Er schüttelte den Kopf: „Nein. Was sollte sein?"

„Na, du starrst mich schon die ganze Zeit so an", erklärte sie, „also sehe ich entweder merkwürdig aus oder aber etwas ist los."

„Du siehst nicht merkwürdig aus, sondern wunderhübsch", stellte Ken klar, „und deine Haare gefallen mir offen ohnehin am besten."

Rilla lächelte: „Ich werde es mir merken."

„Das hoffe ich doch", erwiderte er grinsend.

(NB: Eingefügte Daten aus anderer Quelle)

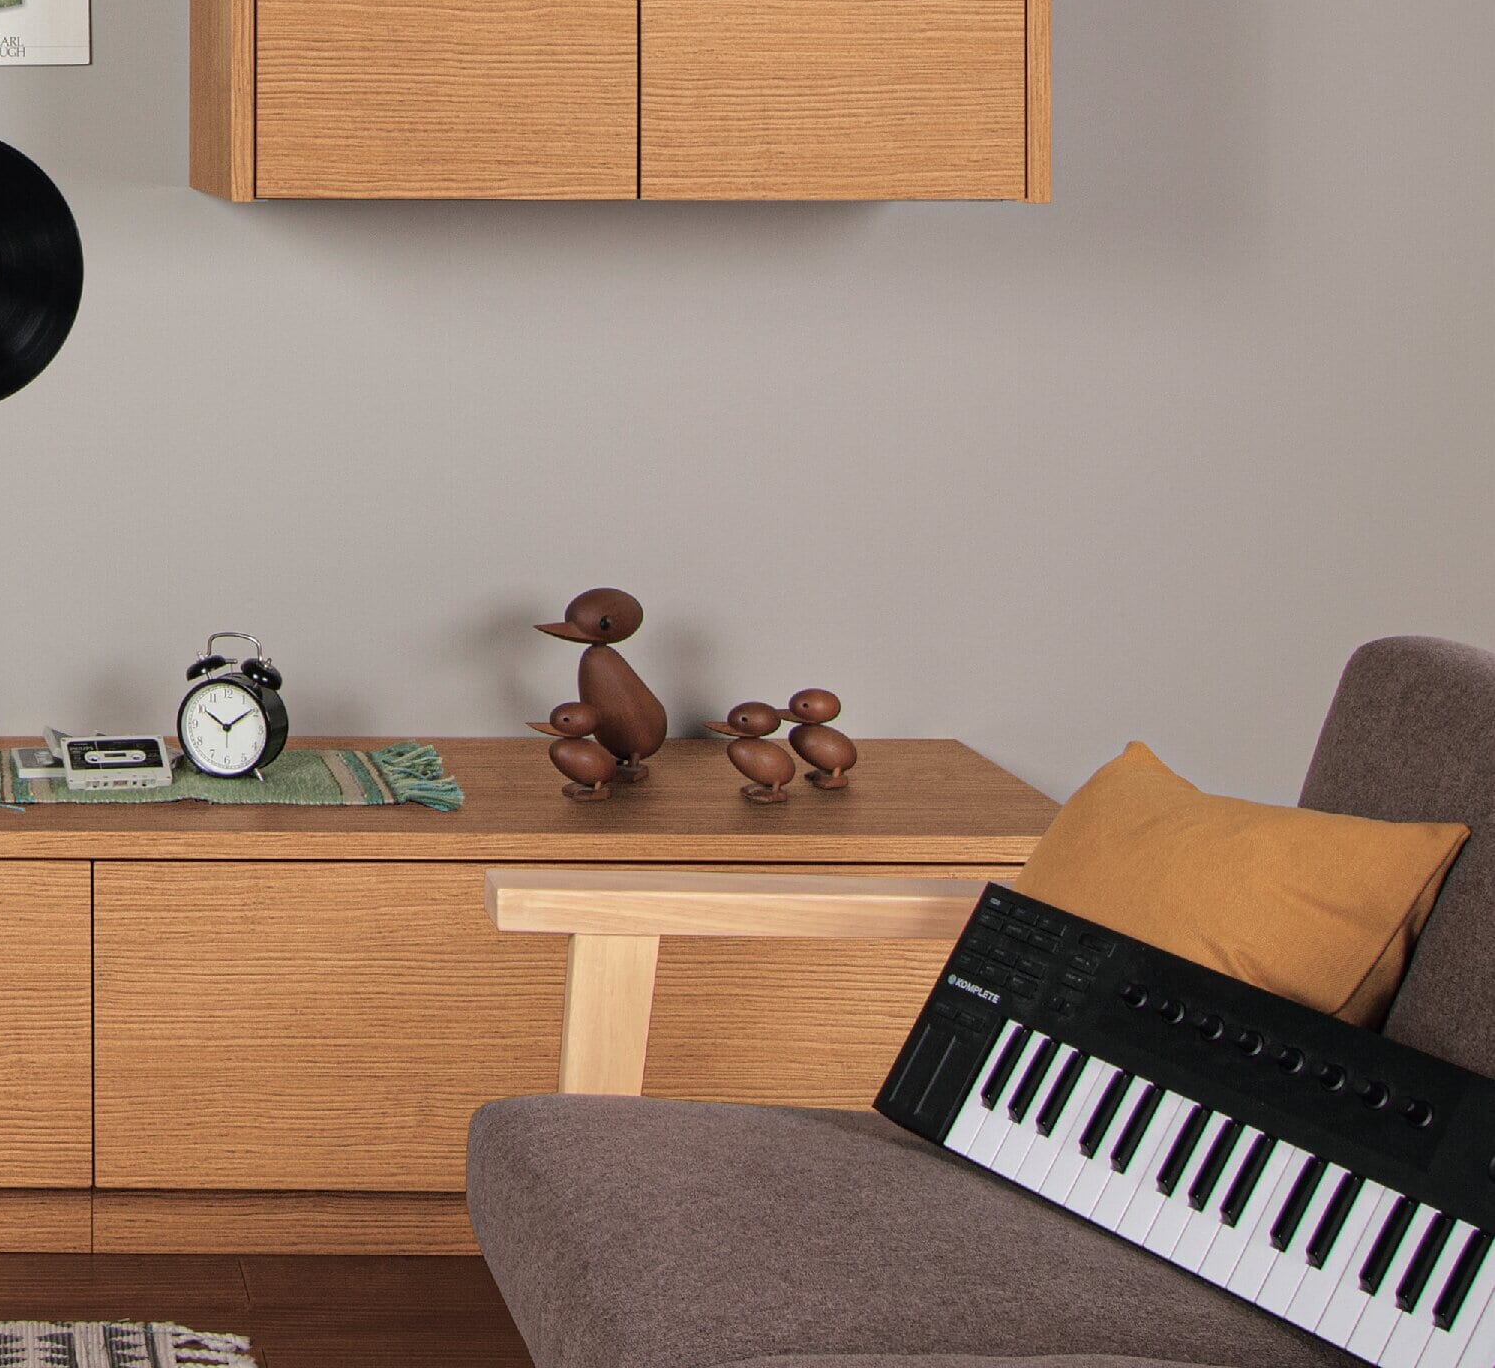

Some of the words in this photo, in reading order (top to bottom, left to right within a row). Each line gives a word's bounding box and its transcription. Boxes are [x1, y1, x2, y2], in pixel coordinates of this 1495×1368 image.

„Aber", hob sie wieder an, seinen Kommentar ignorierend, „wenn es nicht mein Aussehen ist, dann muss etwas anderes los sein."

„Ich habe nur gedacht, dass ich dich seit langem nicht mehr so unbeschwert und glücklich erlebt habe wie heute", erklärte Ken, jetzt wieder ernst.

Rilla nickte nachdenklich: „Ich glaube, ich habe mich auch lange nicht mehr so gefühlt. Ich hatte ziemlich Probleme mich an Toronto zu gewöhnen, an euren Lebensstil und an die Menschen hier, aber heute habe ich mit deiner Mutter geredet und das hat mir sehr geholfen."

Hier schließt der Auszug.